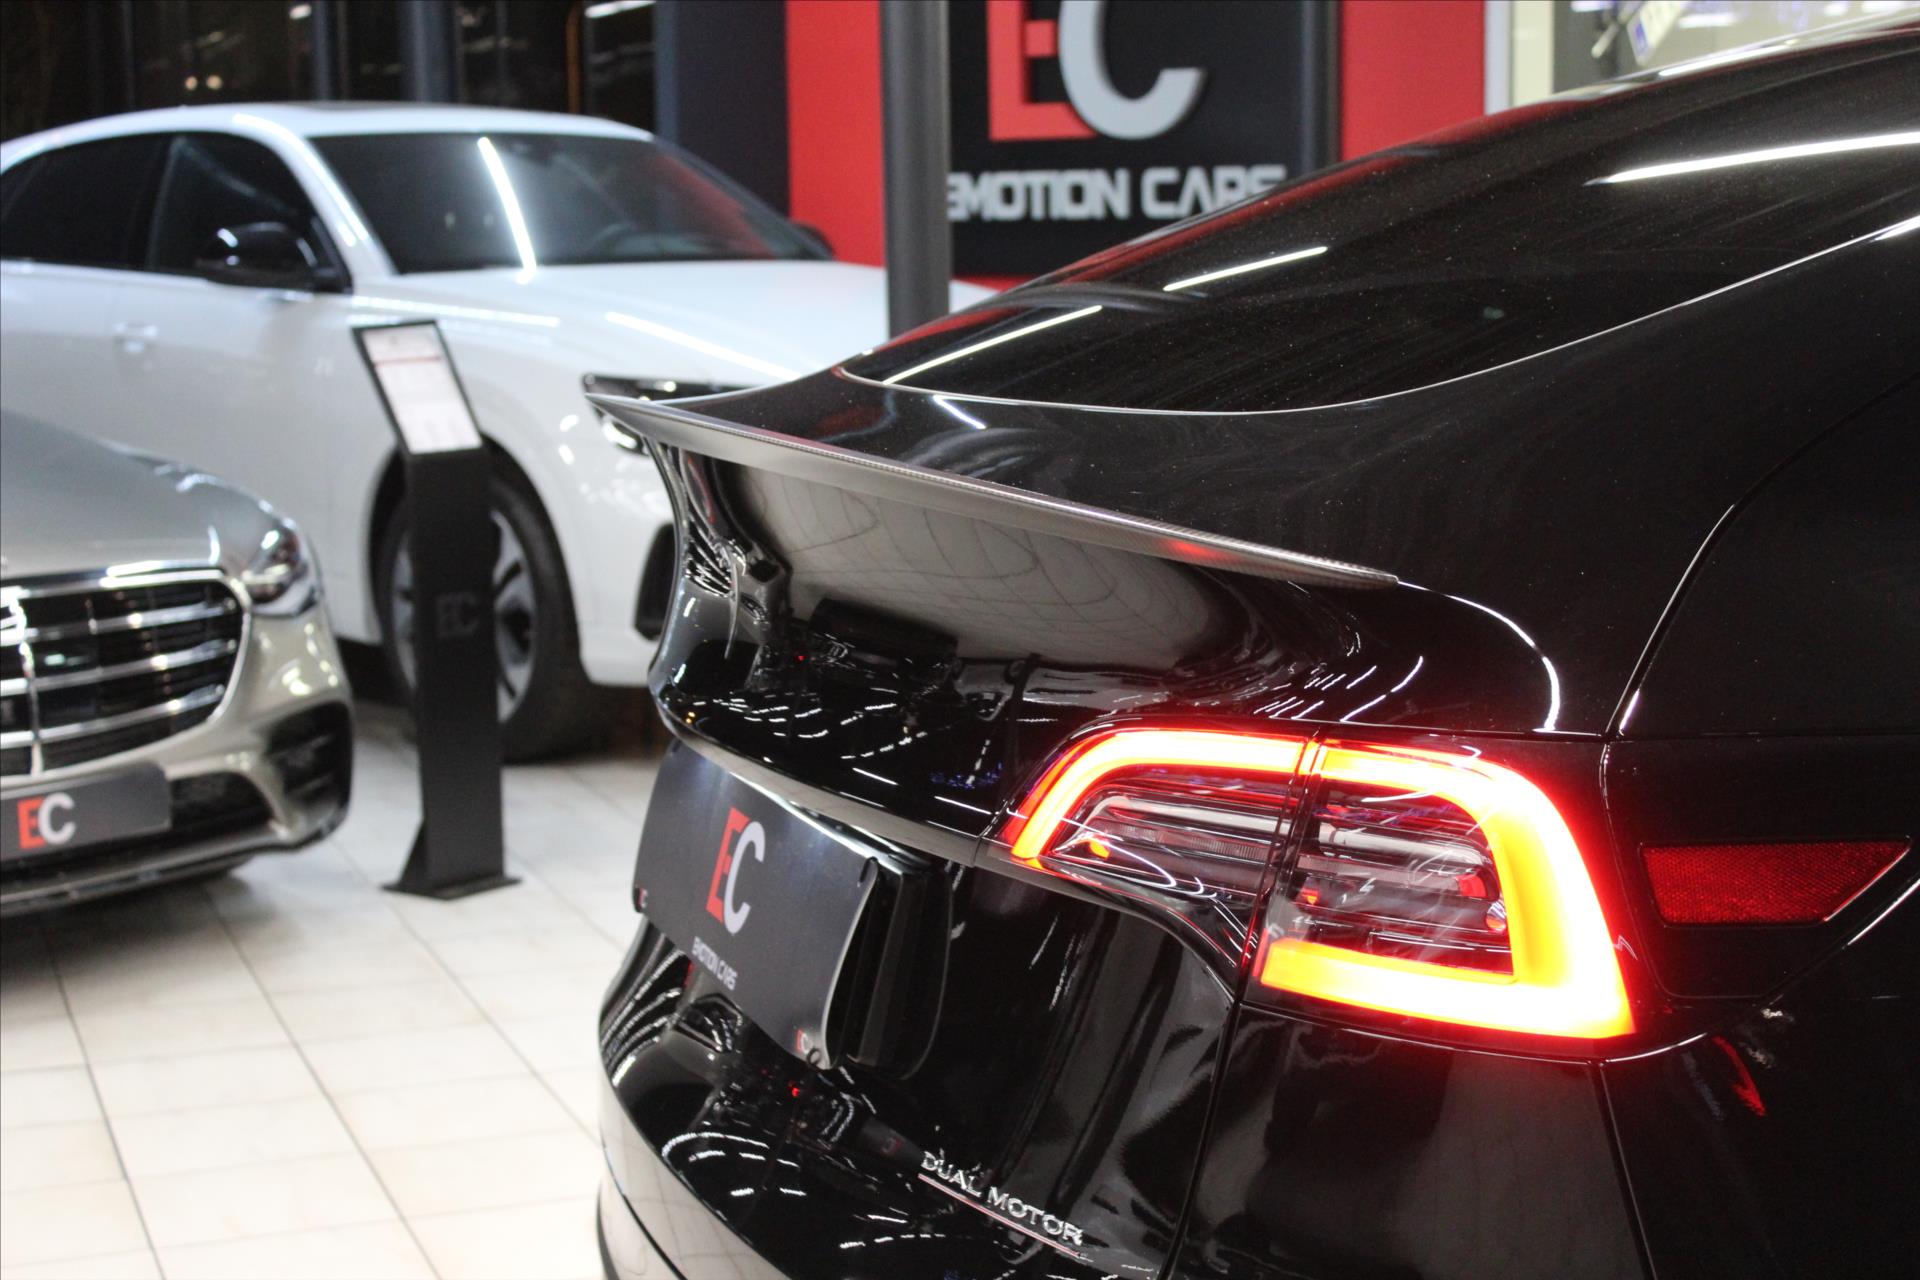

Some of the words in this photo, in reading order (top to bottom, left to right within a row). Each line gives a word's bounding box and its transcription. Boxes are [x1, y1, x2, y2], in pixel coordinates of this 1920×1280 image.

[17, 792, 76, 849] EC
[706, 806, 766, 936] EC
[920, 1151, 982, 1198] DUAL
[987, 1186, 1085, 1246] MOTOR

════════

**WHAT YOU ARE ASKED TO DO:** Each line of the data above is to be output exactly; the pictures are not to appear.

**SOLVED EXERCISE:**
Some of the words in this photo, in reading order (top to bottom, left to right within a row). Each line gives a word's bounding box and its transcription. Boxes are [x1, y1, x2, y2], in pixel coordinates of this 1920×1280 image.

[17, 792, 76, 849] EC
[706, 806, 766, 936] EC
[920, 1151, 982, 1198] DUAL
[987, 1186, 1085, 1246] MOTOR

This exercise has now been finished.